A day ago, on August 21st, two astronauts conducted a spacewalk outside the International Space Station (ISS) to set up a new docking port for the future commercial spaceships made by Boeing and SpaceX. NASA is planning to use Boeing’s Starliner capsule and SpaceX’s Crew Dragon Spacecraft to transport astronauts from Earth to the ISS and back shortly.
ISS Astronauts Took A Spacewalk To Install New Docking Port For Commercial Spaceships
The International Docking Adapter-3, abbreviated IDA-3, is a spacecraft docking system adapter which was launched aboard SpaceX’s CRS-18 mission in July. This is the second docking port installed to the ISS in the past three years. The two astronauts that attached IDA-3 to the ISS were Nick Hague and Andrew Morgan and have been part of NASA since 2014, respectively 2013.

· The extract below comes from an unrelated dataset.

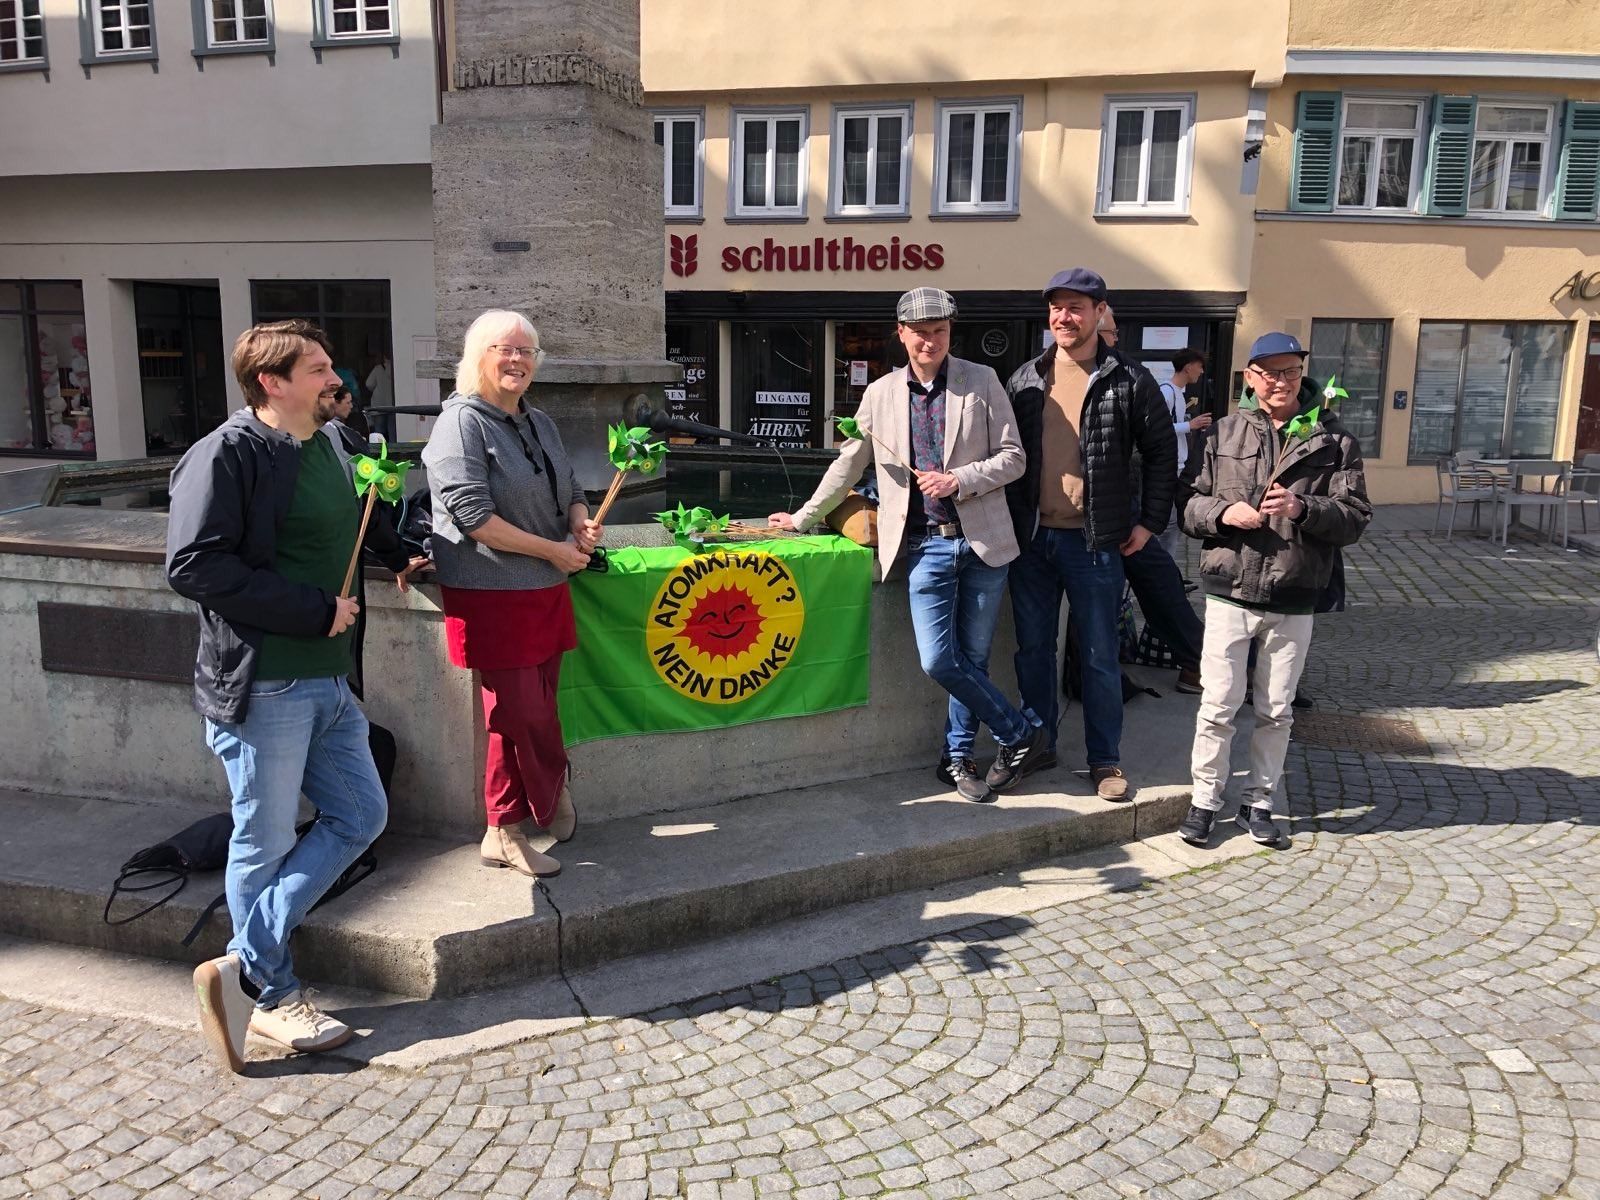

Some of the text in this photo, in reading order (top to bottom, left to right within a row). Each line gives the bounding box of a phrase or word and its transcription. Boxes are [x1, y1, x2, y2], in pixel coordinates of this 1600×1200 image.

Their spacewalk mission lasted 6 hours and a half, time in which they have installed cables and massive reflectors. For Morgan, it was his first spacewalk, but for Hague, it was his third time outside the International Space Station. The third co-worker of the astronauts was Dextre, a robot with two arms that was created by Canada and was sent to the International Space Station 11 years ago, in 2008.
The Spacewalk Missions Ended Successfully, Without Any Issues
Fortunately, the NASA astronomers did not encounter any difficulties in installing the docking port, even though they feared that the solar heat might have damaged some of the cables that were protruding from the station. After the docking port, they went on to install a couple of reflectors that are expected to function as a visual aid the future spaceships.
Aboard the ISS are Christina Koch, a NASA astronaut, Alexey Ovchinin and Alexander Skvortsov, both Russian cosmonauts, and Luca Parmitano, an ESA (European Space Agency) astronaut. All are part of the Expedition 60 mission, and all are working together to undergo scientific experiments on rodents and stem cell differentiation.